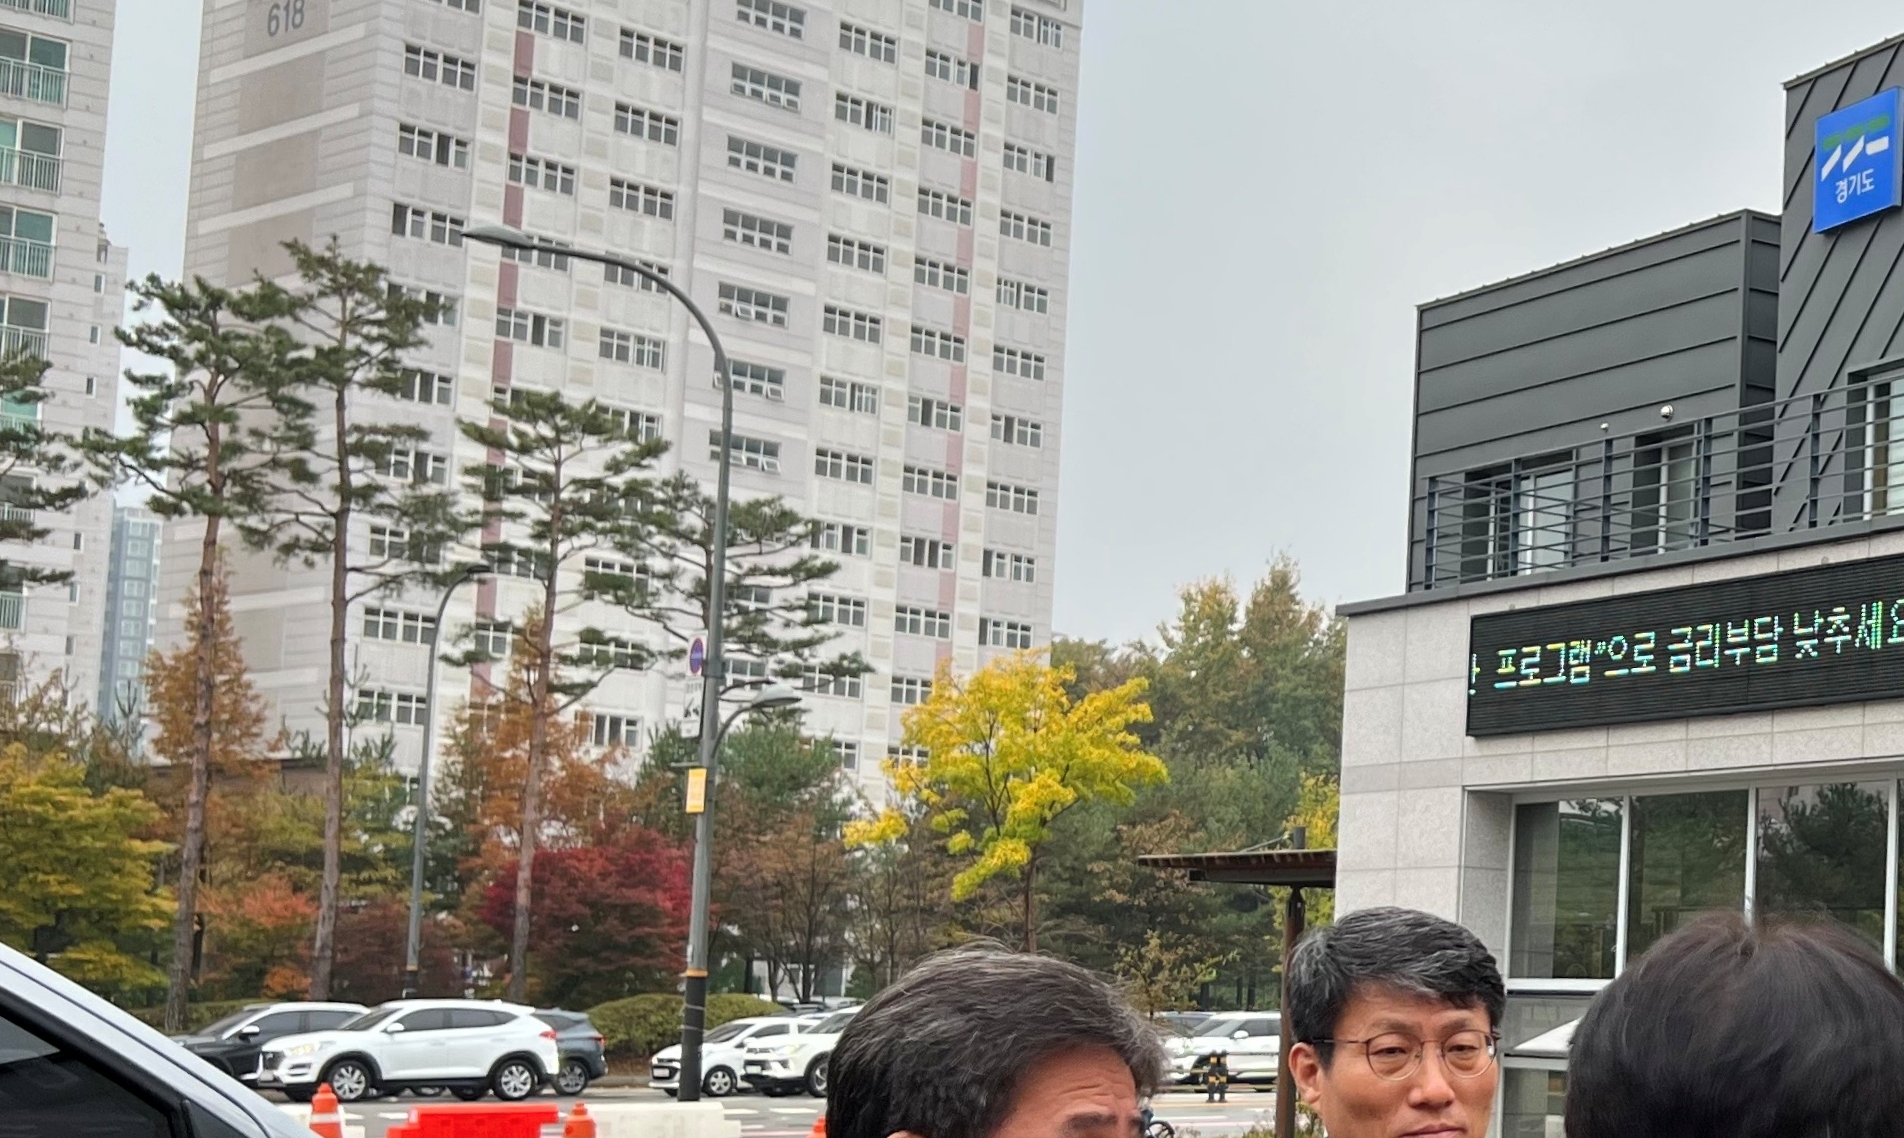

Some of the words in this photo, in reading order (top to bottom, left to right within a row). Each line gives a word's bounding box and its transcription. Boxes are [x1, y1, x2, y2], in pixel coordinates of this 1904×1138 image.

[267, 0, 304, 38] 618
[1835, 168, 1875, 203] 경기도
[1667, 614, 1784, 673] 금리부담
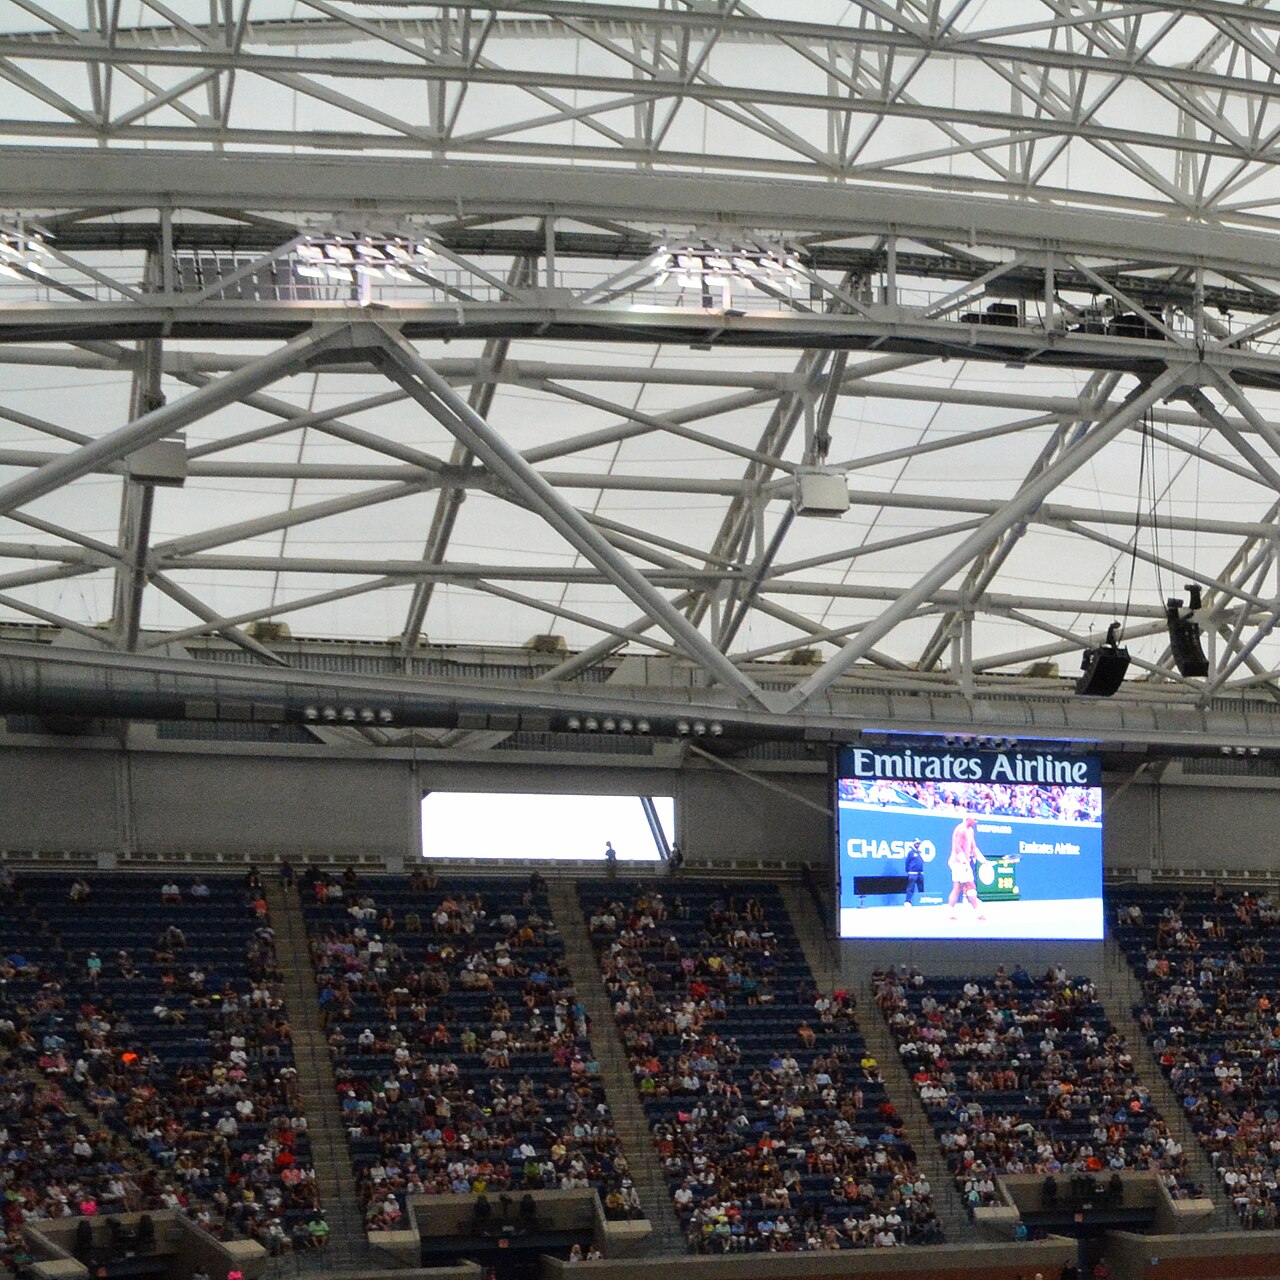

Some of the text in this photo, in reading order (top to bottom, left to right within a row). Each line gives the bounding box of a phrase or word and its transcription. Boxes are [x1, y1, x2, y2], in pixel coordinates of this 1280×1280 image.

——————————

[EXERCISE REQUIREMENTS]: Pass over the images and copy the rest of the material above exactly.

[EXPECTED ANSWER]:
Some of the words in this photo, in reading order (top to bottom, left to right within a row). Each line gives a word's bounding box and its transcription. Boxes are [x1, y1, x2, y2], in pixel coordinates of this 1904×1138 image.

[267, 0, 304, 38] 618
[1835, 168, 1875, 203] 경기도
[1667, 614, 1784, 673] 금리부담

Some of the text in this photo, in reading order (top to bottom, left to right within a row). Each line gives the bounding box of a phrase or word and its transcription. Boxes are [x1, y1, x2, y2], in pixel coordinates of this 1280×1280 image.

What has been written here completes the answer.